→ WHAT YOU NEED TO DO
Exactly as written, return the entries below, minus any pictures.

★ ★ ★ ★ ★

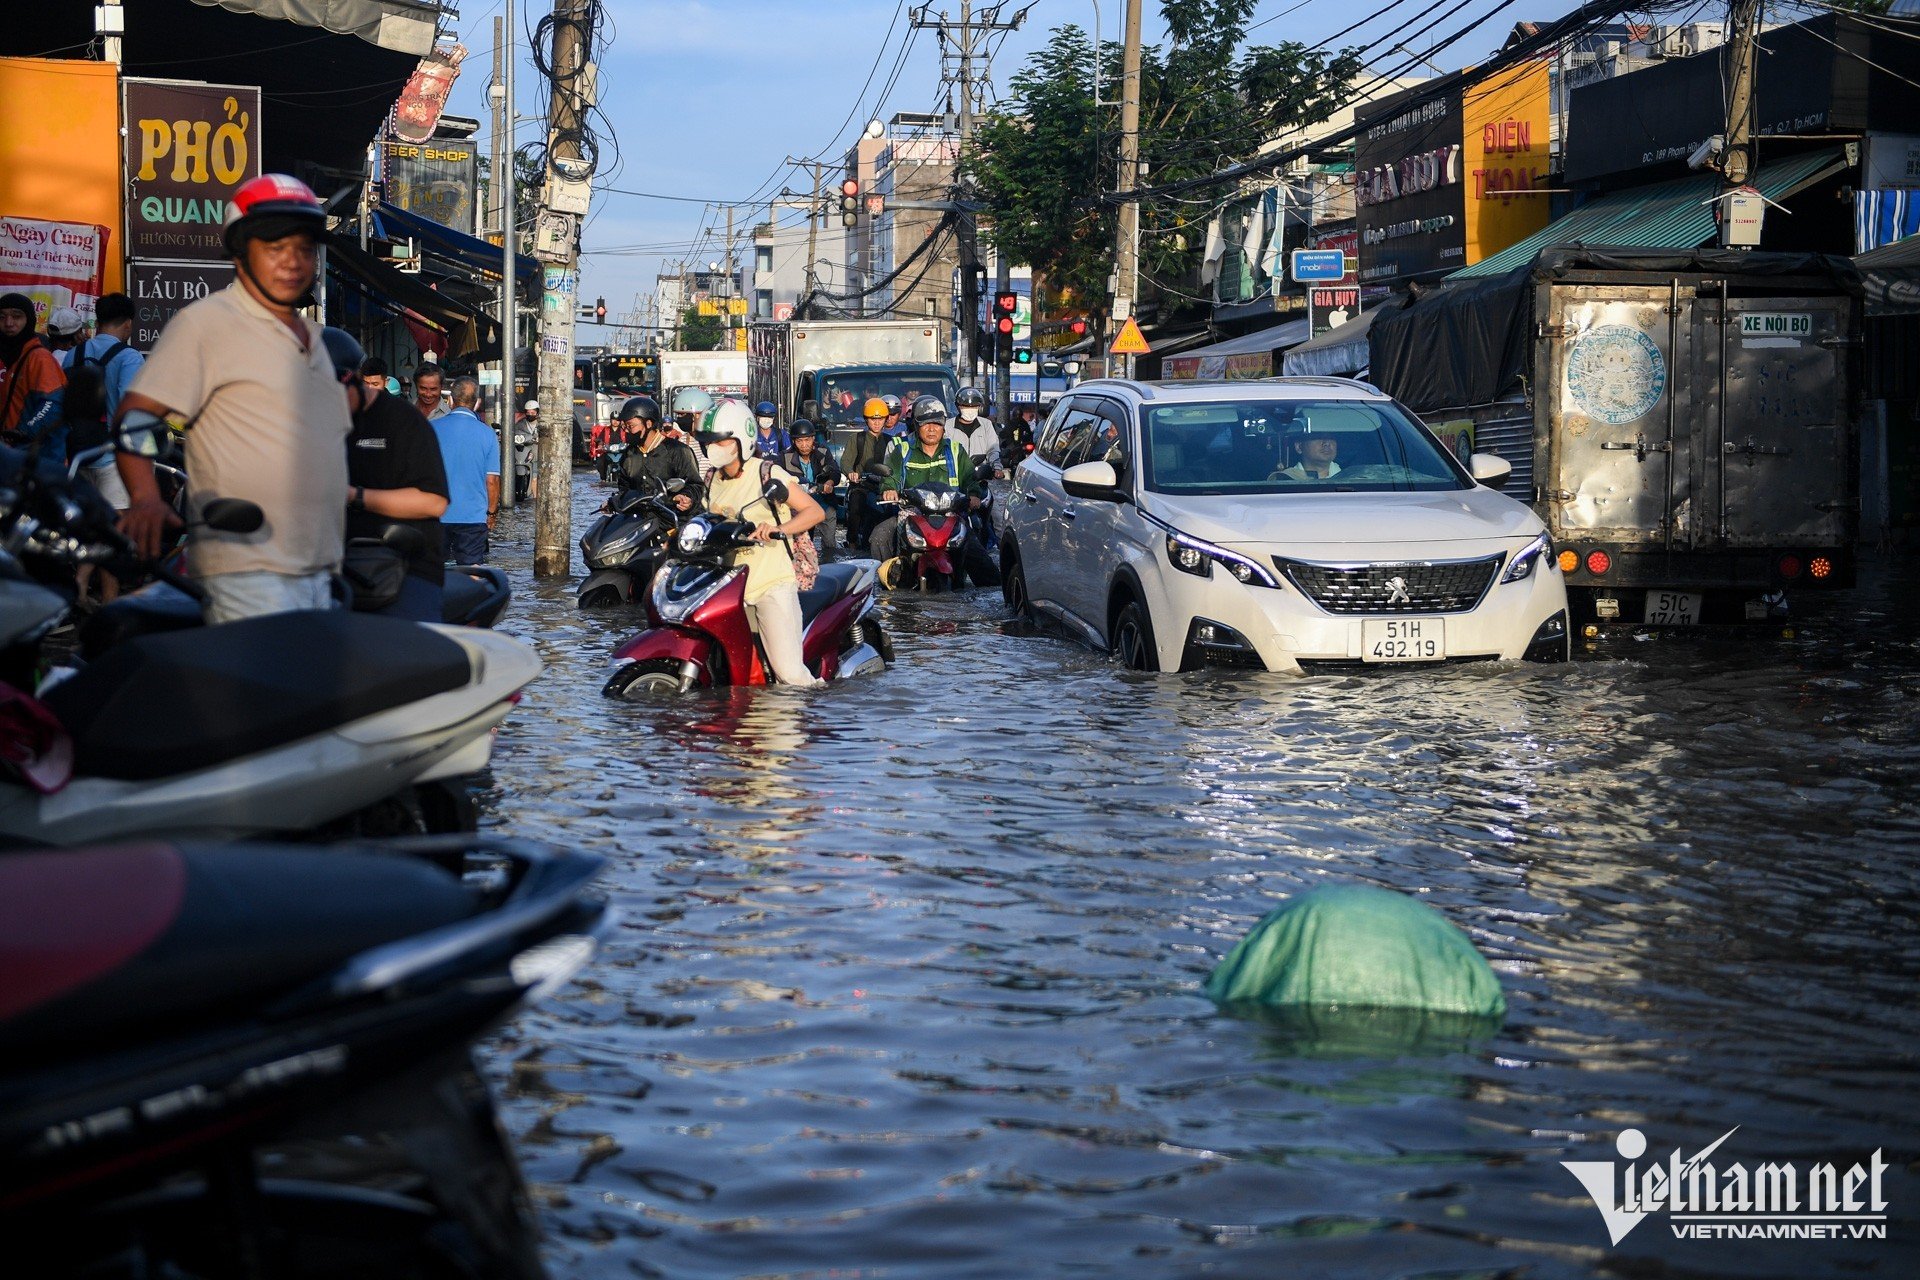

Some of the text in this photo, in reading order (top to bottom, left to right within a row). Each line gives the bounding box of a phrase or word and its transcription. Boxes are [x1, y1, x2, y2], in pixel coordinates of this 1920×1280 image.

[138, 96, 249, 185] PHỞ
[1483, 116, 1530, 158] ĐIỆN
[425, 149, 469, 161] SHOP
[1656, 147, 1666, 160] 189
[1668, 146, 1686, 161] Phạm
[1473, 167, 1539, 206] THOẠI
[141, 196, 224, 224] QUAN
[0, 222, 94, 252] Ngày Cúng
[140, 232, 223, 248] HƯƠNG VỊ HÀ
[64, 254, 94, 267] Kiệm
[138, 271, 210, 300] LẨU BÒ
[1314, 290, 1356, 306] GIA HUY
[139, 305, 162, 321] GÀ
[1744, 314, 1809, 334] XE NỘI BỘ
[139, 329, 161, 342] BIA
[1660, 593, 1690, 612] 51C
[1387, 621, 1421, 638] 51H
[1373, 640, 1435, 658] 492.19
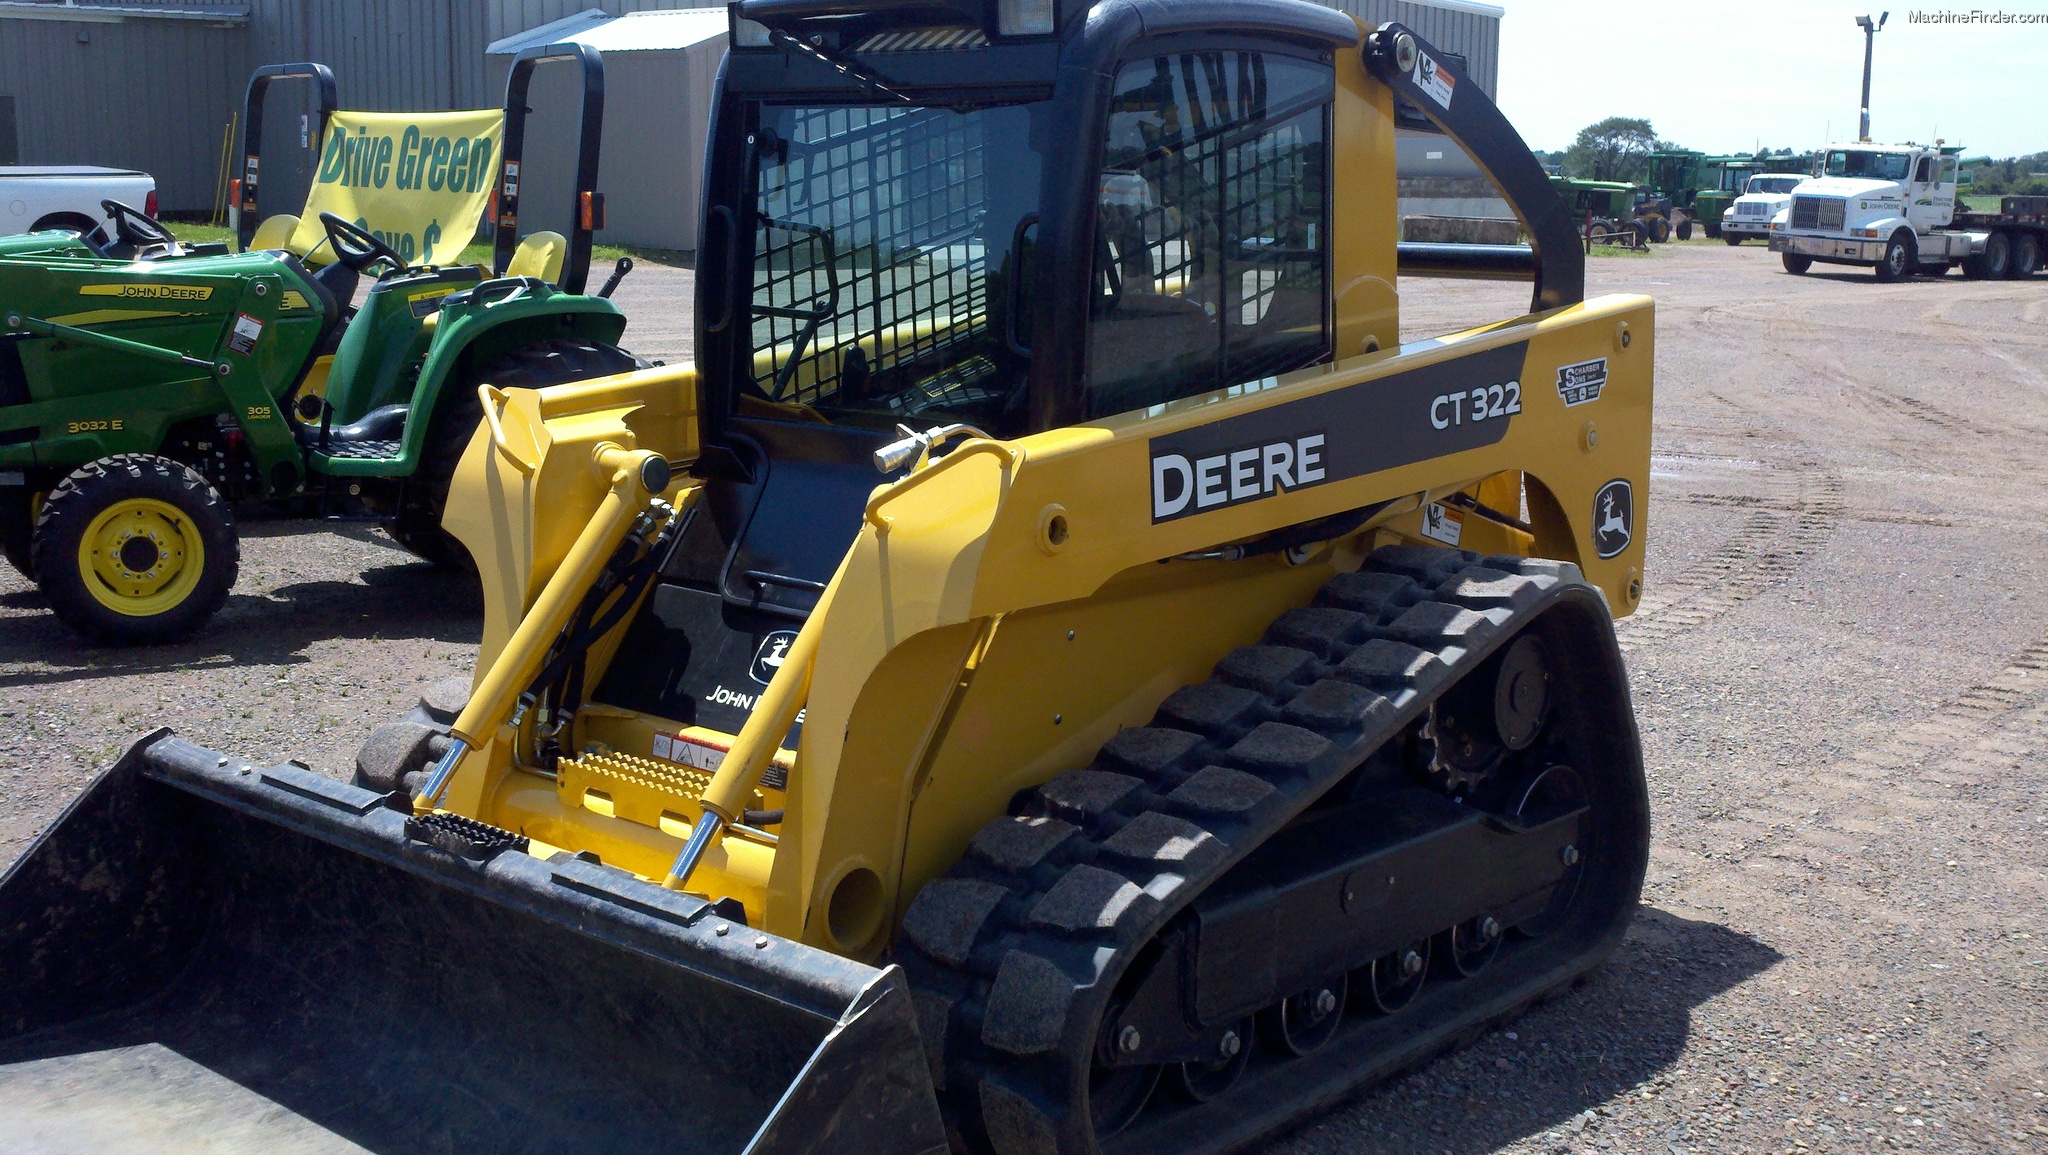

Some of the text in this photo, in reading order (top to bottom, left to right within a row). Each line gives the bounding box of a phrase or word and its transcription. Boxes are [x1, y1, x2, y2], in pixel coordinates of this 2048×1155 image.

[318, 126, 393, 189] Drive
[396, 125, 492, 193] Green
[117, 285, 207, 300] JOHN DEERE
[247, 407, 271, 415] 305
[1430, 381, 1522, 430] CT 322
[68, 419, 123, 434] 3032 E
[1153, 434, 1326, 518] DEERE
[705, 684, 753, 710] JOHN

★ ★ ★ ★ ★

→ RESULT OF THE TASK
Some of the text in this photo, in reading order (top to bottom, left to right within a row). Each line gives the bounding box of a phrase or word and its transcription. Boxes are [x1, y1, x2, y2], in pixel coordinates of this 1920×1280 image.

[138, 96, 249, 185] PHỞ
[1483, 116, 1530, 158] ĐIỆN
[425, 149, 469, 161] SHOP
[1656, 147, 1666, 160] 189
[1668, 146, 1686, 161] Phạm
[1473, 167, 1539, 206] THOẠI
[141, 196, 224, 224] QUAN
[0, 222, 94, 252] Ngày Cúng
[140, 232, 223, 248] HƯƠNG VỊ HÀ
[64, 254, 94, 267] Kiệm
[138, 271, 210, 300] LẨU BÒ
[1314, 290, 1356, 306] GIA HUY
[139, 305, 162, 321] GÀ
[1744, 314, 1809, 334] XE NỘI BỘ
[139, 329, 161, 342] BIA
[1660, 593, 1690, 612] 51C
[1387, 621, 1421, 638] 51H
[1373, 640, 1435, 658] 492.19

Some of the text in this photo, in reading order (top to bottom, left to right within a row). Each line gives the bounding box of a phrase or word and its transcription. Boxes are [x1, y1, x2, y2], in pixel coordinates of this 2048×1155 image.

[318, 126, 393, 189] Drive
[396, 125, 492, 193] Green
[117, 285, 207, 300] JOHN DEERE
[247, 407, 271, 415] 305
[1430, 381, 1522, 430] CT 322
[68, 419, 123, 434] 3032 E
[1153, 434, 1326, 518] DEERE
[705, 684, 753, 710] JOHN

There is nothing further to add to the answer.